[Dataset excerpts]
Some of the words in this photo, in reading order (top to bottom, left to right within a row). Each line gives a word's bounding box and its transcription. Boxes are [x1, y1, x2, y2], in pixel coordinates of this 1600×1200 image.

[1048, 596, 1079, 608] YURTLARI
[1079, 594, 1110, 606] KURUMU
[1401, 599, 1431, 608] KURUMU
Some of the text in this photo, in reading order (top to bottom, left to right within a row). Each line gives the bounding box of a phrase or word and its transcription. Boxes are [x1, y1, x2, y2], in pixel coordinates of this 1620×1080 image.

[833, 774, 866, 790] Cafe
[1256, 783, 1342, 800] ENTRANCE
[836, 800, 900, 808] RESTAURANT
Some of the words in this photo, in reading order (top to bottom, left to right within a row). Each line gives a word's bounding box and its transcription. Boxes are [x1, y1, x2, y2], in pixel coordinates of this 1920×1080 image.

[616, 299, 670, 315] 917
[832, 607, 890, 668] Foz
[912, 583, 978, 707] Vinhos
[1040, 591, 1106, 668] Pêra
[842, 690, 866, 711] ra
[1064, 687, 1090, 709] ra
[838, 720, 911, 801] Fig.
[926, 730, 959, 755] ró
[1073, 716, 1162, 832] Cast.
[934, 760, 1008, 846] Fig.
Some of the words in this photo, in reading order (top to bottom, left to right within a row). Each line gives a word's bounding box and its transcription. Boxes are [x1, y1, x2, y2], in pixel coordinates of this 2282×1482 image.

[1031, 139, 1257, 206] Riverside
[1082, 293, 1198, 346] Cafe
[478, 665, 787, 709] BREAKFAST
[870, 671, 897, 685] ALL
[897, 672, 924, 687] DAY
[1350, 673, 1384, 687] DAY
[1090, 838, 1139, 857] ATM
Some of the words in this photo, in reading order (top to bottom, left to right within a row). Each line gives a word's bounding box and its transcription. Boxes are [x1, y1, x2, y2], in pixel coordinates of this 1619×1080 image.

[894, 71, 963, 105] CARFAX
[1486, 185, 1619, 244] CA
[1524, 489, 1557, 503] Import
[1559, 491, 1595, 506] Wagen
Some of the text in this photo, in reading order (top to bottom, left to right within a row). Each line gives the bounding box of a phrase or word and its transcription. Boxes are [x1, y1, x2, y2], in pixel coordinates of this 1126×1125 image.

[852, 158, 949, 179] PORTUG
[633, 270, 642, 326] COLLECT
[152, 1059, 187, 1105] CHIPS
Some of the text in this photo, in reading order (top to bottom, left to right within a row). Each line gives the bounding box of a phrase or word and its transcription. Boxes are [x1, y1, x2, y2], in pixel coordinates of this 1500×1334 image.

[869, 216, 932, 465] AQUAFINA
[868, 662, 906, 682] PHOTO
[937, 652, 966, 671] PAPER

_EXERCISE OBJECTIVE_: Retype each record, matching it exactly.

_WRITTEN RESPONSE_:
Some of the words in this photo, in reading order (top to bottom, left to right within a row). Each line gives a word's bounding box and its transcription. Boxes are [x1, y1, x2, y2], in pixel coordinates of this 1600×1200 image.

[1048, 596, 1079, 608] YURTLARI
[1079, 594, 1110, 606] KURUMU
[1401, 599, 1431, 608] KURUMU
Some of the text in this photo, in reading order (top to bottom, left to right within a row). Each line gives the bounding box of a phrase or word and its transcription. Boxes are [x1, y1, x2, y2], in pixel coordinates of this 1620×1080 image.

[833, 774, 866, 790] Cafe
[1256, 783, 1342, 800] ENTRANCE
[836, 800, 900, 808] RESTAURANT
Some of the words in this photo, in reading order (top to bottom, left to right within a row). Each line gives a word's bounding box and its transcription. Boxes are [x1, y1, x2, y2], in pixel coordinates of this 1920×1080 image.

[616, 299, 670, 315] 917
[832, 607, 890, 668] Foz
[912, 583, 978, 707] Vinhos
[1040, 591, 1106, 668] Pêra
[842, 690, 866, 711] ra
[1064, 687, 1090, 709] ra
[838, 720, 911, 801] Fig.
[926, 730, 959, 755] ró
[1073, 716, 1162, 832] Cast.
[934, 760, 1008, 846] Fig.
Some of the words in this photo, in reading order (top to bottom, left to right within a row). Each line gives a word's bounding box and its transcription. Boxes are [x1, y1, x2, y2], in pixel coordinates of this 2282×1482 image.

[1031, 139, 1257, 206] Riverside
[1082, 293, 1198, 346] Cafe
[478, 665, 787, 709] BREAKFAST
[870, 671, 897, 685] ALL
[897, 672, 924, 687] DAY
[1350, 673, 1384, 687] DAY
[1090, 838, 1139, 857] ATM
Some of the words in this photo, in reading order (top to bottom, left to right within a row). Each line gives a word's bounding box and its transcription. Boxes are [x1, y1, x2, y2], in pixel coordinates of this 1619×1080 image.

[894, 71, 963, 105] CARFAX
[1486, 185, 1619, 244] CA
[1524, 489, 1557, 503] Import
[1559, 491, 1595, 506] Wagen
Some of the text in this photo, in reading order (top to bottom, left to right within a row). Each line gives the bounding box of a phrase or word and its transcription. Boxes are [x1, y1, x2, y2], in pixel coordinates of this 1126×1125 image.

[852, 158, 949, 179] PORTUG
[633, 270, 642, 326] COLLECT
[152, 1059, 187, 1105] CHIPS
Some of the text in this photo, in reading order (top to bottom, left to right within a row). Each line gives the bounding box of a phrase or word and its transcription. Boxes are [x1, y1, x2, y2], in pixel coordinates of this 1500×1334 image.

[869, 216, 932, 465] AQUAFINA
[868, 662, 906, 682] PHOTO
[937, 652, 966, 671] PAPER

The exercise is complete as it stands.